By banning landfilling and thus promoting the alternative of incineration, with the capacity issues that follow, the circular principles of reducing residual waste are negated, the paper concludes, as more is needed to run incineration facilities efficiently.
Definition and reduction problems
Some countries, such as Germany and Sweden, claim to have ‘zero waste to landfill policies’, but the paper calls these misleading, arguing that they are in fact ‘zero direct landfilling of untreated residual waste’ policies. By sending their waste to incineration and mechanical biological treatment (MBT) facilities, they can send ash, no longer classed as municipal solid waste, to landfills – what ZWE calls an ‘accounting trick’ that ‘does little to help understand EU statistics’ and ‘poses a serious threat’ to the circular economy. Typically, 20 to 30 per cent of the weight of waste processed through incineration remains as bottom ash. This can sometimes be reused in aggregates and building materials, but is often disposed of to landfill.
The final issue highlighted in the paper is that a linear economy can exist alongside a landfill ban. A ban, it says, is ‘blind’ to waste generation and reuse and recycling.
The paper reads: ‘Unless all the treatment options which “break the loop” are considered, the consequence of banning or phasing out one of them will result in a transfer of waste to another.
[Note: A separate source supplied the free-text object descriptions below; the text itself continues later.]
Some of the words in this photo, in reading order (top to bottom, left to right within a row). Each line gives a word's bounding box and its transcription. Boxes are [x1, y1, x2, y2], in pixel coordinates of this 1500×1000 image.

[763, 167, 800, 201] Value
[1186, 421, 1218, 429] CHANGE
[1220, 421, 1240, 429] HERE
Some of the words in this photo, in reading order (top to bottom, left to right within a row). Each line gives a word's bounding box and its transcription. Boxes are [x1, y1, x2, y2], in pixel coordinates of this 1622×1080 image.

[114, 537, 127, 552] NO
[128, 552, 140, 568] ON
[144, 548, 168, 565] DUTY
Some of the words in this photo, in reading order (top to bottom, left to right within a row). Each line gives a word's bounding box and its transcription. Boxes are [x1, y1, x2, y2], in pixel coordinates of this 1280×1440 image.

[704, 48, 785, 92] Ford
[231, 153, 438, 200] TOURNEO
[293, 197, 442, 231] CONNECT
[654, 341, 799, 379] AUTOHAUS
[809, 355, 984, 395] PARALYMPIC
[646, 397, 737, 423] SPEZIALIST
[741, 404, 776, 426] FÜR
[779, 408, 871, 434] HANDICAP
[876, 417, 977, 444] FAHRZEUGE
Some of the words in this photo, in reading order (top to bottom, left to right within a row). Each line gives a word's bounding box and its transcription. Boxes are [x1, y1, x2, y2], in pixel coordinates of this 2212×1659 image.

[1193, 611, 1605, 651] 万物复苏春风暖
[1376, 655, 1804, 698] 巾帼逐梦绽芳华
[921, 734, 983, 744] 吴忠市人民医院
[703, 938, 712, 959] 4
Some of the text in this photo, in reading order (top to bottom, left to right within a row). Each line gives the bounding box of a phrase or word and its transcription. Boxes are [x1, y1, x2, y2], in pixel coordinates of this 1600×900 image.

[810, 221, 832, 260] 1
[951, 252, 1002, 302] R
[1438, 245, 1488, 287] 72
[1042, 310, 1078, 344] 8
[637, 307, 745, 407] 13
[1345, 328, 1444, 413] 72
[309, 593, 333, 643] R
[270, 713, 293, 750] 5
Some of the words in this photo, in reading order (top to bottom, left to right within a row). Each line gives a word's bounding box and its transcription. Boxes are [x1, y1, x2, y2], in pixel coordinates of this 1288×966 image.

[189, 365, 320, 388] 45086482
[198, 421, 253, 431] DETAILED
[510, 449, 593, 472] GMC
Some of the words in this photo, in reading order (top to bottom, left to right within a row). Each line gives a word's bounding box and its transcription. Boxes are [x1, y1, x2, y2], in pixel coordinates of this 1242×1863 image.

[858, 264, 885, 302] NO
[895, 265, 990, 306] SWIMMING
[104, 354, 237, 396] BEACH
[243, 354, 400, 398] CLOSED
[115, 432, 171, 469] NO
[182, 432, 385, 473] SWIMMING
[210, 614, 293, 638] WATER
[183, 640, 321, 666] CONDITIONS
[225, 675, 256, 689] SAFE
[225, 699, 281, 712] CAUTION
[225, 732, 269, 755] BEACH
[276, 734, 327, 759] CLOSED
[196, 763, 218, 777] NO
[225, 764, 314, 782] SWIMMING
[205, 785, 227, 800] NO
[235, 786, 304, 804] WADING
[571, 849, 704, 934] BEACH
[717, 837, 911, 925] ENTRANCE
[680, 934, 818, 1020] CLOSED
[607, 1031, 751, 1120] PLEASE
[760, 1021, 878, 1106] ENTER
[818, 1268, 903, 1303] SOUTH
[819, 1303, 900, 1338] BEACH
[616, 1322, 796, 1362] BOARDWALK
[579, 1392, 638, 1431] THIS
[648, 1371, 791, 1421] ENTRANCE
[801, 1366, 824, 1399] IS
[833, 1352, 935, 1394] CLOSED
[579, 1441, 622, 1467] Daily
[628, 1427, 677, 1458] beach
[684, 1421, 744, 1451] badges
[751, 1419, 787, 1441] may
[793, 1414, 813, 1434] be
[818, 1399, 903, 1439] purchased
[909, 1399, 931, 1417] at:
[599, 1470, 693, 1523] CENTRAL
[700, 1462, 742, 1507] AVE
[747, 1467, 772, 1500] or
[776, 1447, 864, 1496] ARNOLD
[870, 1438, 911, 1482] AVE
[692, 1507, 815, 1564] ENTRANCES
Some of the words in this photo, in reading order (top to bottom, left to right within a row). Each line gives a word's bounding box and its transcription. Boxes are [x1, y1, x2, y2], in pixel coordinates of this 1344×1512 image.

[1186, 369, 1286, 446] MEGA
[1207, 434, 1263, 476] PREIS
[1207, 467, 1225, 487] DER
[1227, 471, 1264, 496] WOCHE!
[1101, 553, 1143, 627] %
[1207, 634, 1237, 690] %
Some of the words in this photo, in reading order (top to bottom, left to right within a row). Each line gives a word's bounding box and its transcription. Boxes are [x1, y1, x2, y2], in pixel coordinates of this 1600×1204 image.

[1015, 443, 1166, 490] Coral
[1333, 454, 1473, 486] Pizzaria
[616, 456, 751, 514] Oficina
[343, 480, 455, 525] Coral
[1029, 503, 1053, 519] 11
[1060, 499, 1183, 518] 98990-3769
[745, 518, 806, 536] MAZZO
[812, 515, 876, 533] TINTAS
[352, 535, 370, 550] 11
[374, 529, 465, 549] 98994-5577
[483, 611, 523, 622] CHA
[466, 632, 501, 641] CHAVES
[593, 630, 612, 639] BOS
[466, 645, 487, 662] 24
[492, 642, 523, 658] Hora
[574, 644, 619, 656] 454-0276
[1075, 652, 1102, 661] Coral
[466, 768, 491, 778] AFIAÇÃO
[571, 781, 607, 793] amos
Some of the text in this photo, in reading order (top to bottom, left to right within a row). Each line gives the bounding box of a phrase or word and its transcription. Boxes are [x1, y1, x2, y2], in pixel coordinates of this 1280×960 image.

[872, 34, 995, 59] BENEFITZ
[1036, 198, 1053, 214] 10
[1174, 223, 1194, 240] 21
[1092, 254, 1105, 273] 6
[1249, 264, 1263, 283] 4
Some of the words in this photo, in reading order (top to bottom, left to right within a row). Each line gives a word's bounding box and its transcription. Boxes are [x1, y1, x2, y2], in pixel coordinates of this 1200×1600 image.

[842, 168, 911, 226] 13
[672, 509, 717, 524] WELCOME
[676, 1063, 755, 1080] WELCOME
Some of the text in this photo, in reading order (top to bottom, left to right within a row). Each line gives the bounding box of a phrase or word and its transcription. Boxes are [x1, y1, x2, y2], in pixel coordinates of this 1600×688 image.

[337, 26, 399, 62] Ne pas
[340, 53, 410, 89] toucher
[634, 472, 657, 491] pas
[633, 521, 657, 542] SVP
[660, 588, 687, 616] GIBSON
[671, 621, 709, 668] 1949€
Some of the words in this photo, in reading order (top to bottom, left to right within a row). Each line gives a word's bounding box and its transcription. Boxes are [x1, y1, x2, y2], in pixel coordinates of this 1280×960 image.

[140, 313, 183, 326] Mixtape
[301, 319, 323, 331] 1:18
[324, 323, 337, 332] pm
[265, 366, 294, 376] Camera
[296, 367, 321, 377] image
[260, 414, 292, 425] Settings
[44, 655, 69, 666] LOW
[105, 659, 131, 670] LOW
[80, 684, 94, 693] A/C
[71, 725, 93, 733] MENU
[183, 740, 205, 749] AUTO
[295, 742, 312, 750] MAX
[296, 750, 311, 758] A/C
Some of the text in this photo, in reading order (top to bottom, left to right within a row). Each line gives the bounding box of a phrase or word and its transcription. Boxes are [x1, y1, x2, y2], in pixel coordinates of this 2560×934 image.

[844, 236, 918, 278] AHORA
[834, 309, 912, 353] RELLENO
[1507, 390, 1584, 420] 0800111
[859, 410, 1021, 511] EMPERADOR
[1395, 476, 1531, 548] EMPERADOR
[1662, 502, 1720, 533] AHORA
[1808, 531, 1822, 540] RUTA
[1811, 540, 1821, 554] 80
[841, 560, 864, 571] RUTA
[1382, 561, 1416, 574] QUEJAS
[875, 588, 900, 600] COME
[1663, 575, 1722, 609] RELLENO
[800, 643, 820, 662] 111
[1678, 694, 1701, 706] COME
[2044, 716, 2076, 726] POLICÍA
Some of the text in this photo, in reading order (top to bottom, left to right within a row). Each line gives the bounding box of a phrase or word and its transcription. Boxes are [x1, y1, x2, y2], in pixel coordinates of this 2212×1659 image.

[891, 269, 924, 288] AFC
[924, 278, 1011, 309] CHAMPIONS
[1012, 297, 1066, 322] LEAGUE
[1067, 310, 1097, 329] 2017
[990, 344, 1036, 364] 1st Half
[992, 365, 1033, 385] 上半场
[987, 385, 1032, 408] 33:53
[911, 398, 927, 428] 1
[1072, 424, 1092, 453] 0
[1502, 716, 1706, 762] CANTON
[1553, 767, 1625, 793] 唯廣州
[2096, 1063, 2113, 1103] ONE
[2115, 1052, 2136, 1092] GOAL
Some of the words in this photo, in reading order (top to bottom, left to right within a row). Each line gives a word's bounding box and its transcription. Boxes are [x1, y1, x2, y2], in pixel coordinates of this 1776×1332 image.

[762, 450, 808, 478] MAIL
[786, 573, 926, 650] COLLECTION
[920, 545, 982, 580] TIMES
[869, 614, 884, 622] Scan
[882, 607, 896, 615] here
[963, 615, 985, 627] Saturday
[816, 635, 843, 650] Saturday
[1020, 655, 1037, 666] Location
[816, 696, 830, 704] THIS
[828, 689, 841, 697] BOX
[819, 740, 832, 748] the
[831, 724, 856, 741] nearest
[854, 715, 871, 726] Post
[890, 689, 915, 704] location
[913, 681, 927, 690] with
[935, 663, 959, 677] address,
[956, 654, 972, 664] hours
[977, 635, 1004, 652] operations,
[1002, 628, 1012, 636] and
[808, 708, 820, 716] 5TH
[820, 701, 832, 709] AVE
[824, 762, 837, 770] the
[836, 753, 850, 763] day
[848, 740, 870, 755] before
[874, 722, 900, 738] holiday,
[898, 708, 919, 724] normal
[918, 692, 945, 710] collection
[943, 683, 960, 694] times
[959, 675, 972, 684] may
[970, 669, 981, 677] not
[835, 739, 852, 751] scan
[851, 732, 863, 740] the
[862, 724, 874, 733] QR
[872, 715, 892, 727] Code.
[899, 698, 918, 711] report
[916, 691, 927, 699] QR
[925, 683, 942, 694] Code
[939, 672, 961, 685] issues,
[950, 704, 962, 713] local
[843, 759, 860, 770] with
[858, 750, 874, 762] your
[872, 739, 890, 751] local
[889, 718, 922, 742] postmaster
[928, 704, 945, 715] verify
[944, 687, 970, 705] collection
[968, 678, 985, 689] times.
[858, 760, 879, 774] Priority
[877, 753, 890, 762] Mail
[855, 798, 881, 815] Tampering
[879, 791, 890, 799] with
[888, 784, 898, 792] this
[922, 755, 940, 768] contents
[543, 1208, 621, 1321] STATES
This will create unnecessary tensions which in no way help to move towards a circular economy.’
Tax on waste-to-energy incineration suggested
A zero waste to incineration policy, the paper concludes, would be better for bringing about zero waste to landfill than a landfill ban itself, provided it is backed up by circular policies and measures.
ZWE recommends that a compulsory tax on landfill and waste-to-energy incineration be imposed, alongside a lower tax on the landfilling of stabilised waste. This, the organisation says, would be more effective in diverting waste towards prevention, preparation for reuse and recycling than a complete ban on landfill.
The paper also suggests that methods of disposal should not be the primary focus when considering how to eliminate waste, contending that constant product and process redesign, flexible waste treatment facilities and the optimisation of collection schemes are all better approaches for closing the European loop.
ZWE’s full policy paper is available on its website.